“Dark days” for Nokia as profit slumps once more
Nokia reported its third profit fall in a row and warned of a weak start to 2011 as it lost yet more ground in the all-important smartphone market.
Nokia said first quarter operating profit margin at its phone unit would drop to 7-10% this quarter from 11.3% last quarter.
Despite being the the world’s leading handset maker by volume and sales, Nokia has lacked a hit smartphone since the N95, which it launched in 2006 before Apple stormed onto the market.
The industry changed, and now it’s time for Nokia to change faster
Nokia’s share of the smartphone market fell to 31% in the fourth quarter from 38% in the previous quarter.
“Growth trends in the mobile devices market continue to be encouraging,” admitted CEO Stephen Elop, who joined the company from Microsoft last year. “Yet, Nokia faces some significant challenges in our competitiveness and our execution. In short, the industry changed, and now it’s time for Nokia to change faster.”

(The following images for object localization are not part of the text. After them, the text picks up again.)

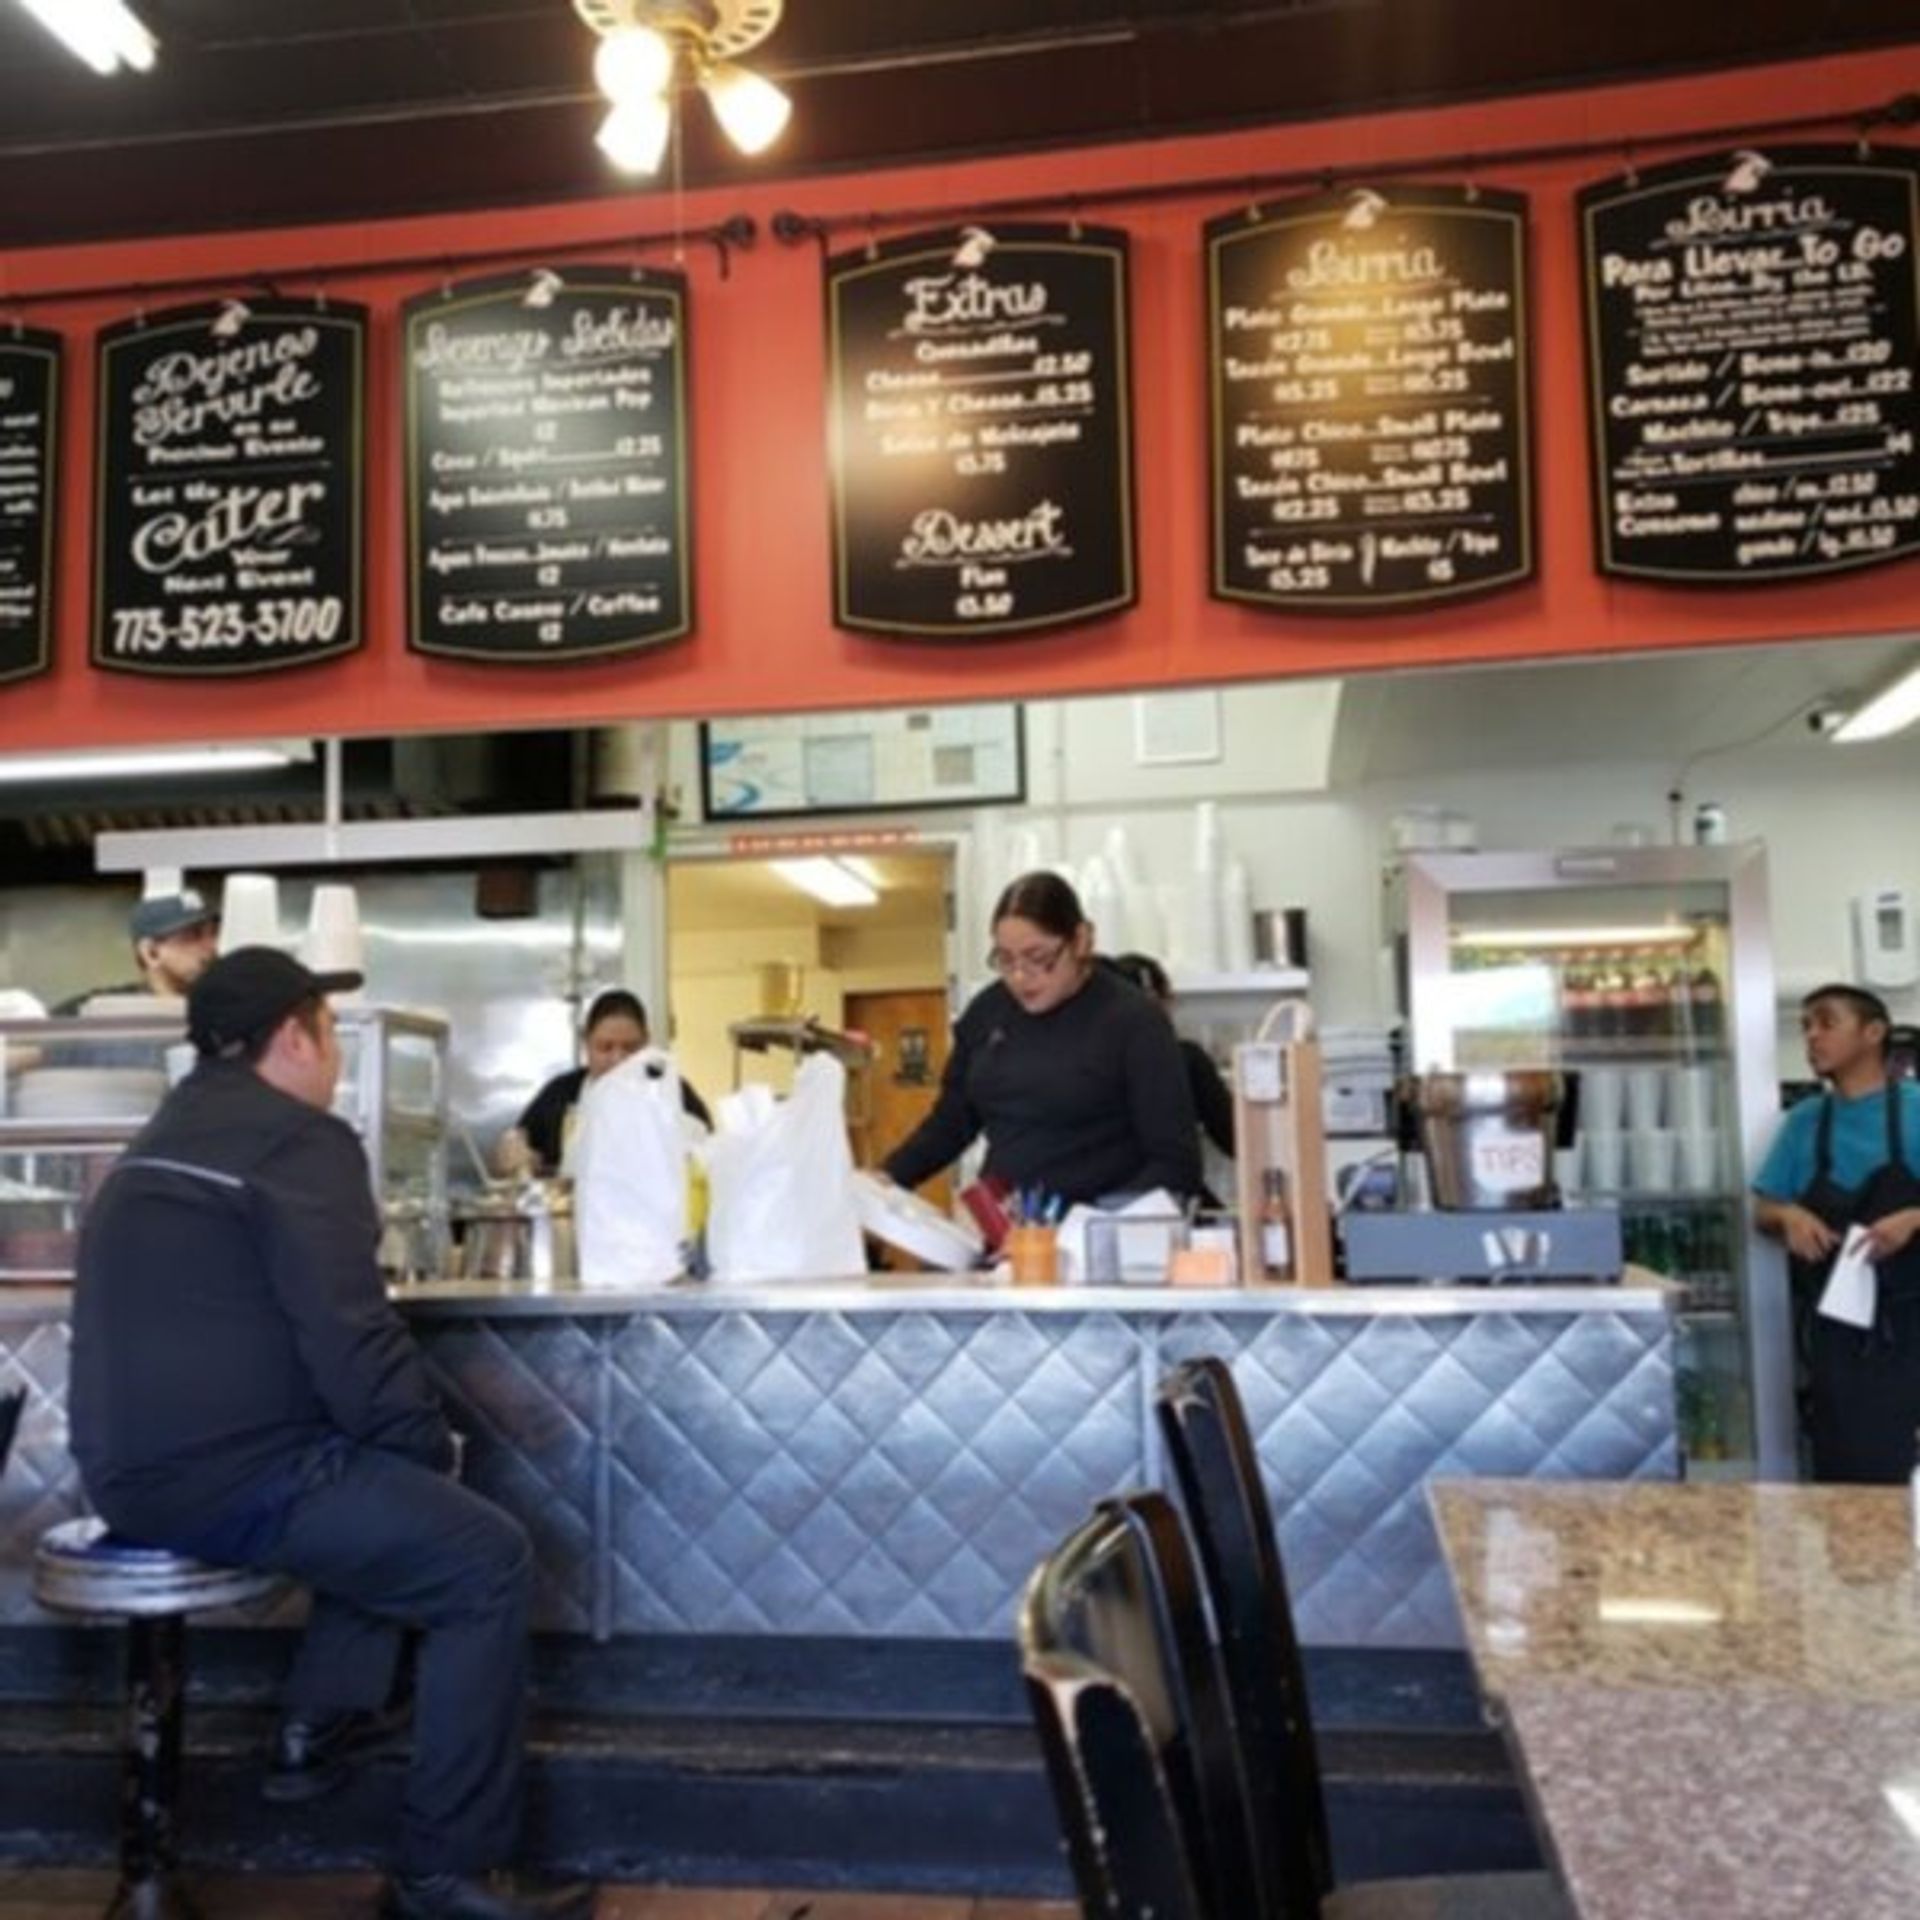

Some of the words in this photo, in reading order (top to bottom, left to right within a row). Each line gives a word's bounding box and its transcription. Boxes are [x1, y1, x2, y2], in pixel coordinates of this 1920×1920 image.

[1602, 254, 1673, 286] Para
[1685, 245, 1784, 277] Llevar
[1800, 234, 1839, 266] To
[1853, 227, 1905, 260] Go
[904, 274, 1047, 331] Extras
[132, 482, 325, 572] Cater
[901, 499, 1065, 561] Dessert
[237, 567, 315, 589] Event
[1480, 1144, 1541, 1173] TIPS

Nokia’s declining smartphone market share wasn’t the only concern, as its sales across the wider handset market also slid 10% from a year ago.
“Even more dramatic than the share loss in smartphones is the slide in market share in standard phones,” said analyst Nicolas von Stackelberg from Macquarie Research. “It seems to be affected by a massive attack in the lower price tiers, in the non-smartphone business.”
Elop said the firm would unveil a revamp of its strategy on 11 February.
“These results point to the daunting task ahead of Elop in 2011,” Geoff Blaber from CCS Insight said. “Disappointing total volume, including smartphones, emphasises that these are dark days for Nokia.”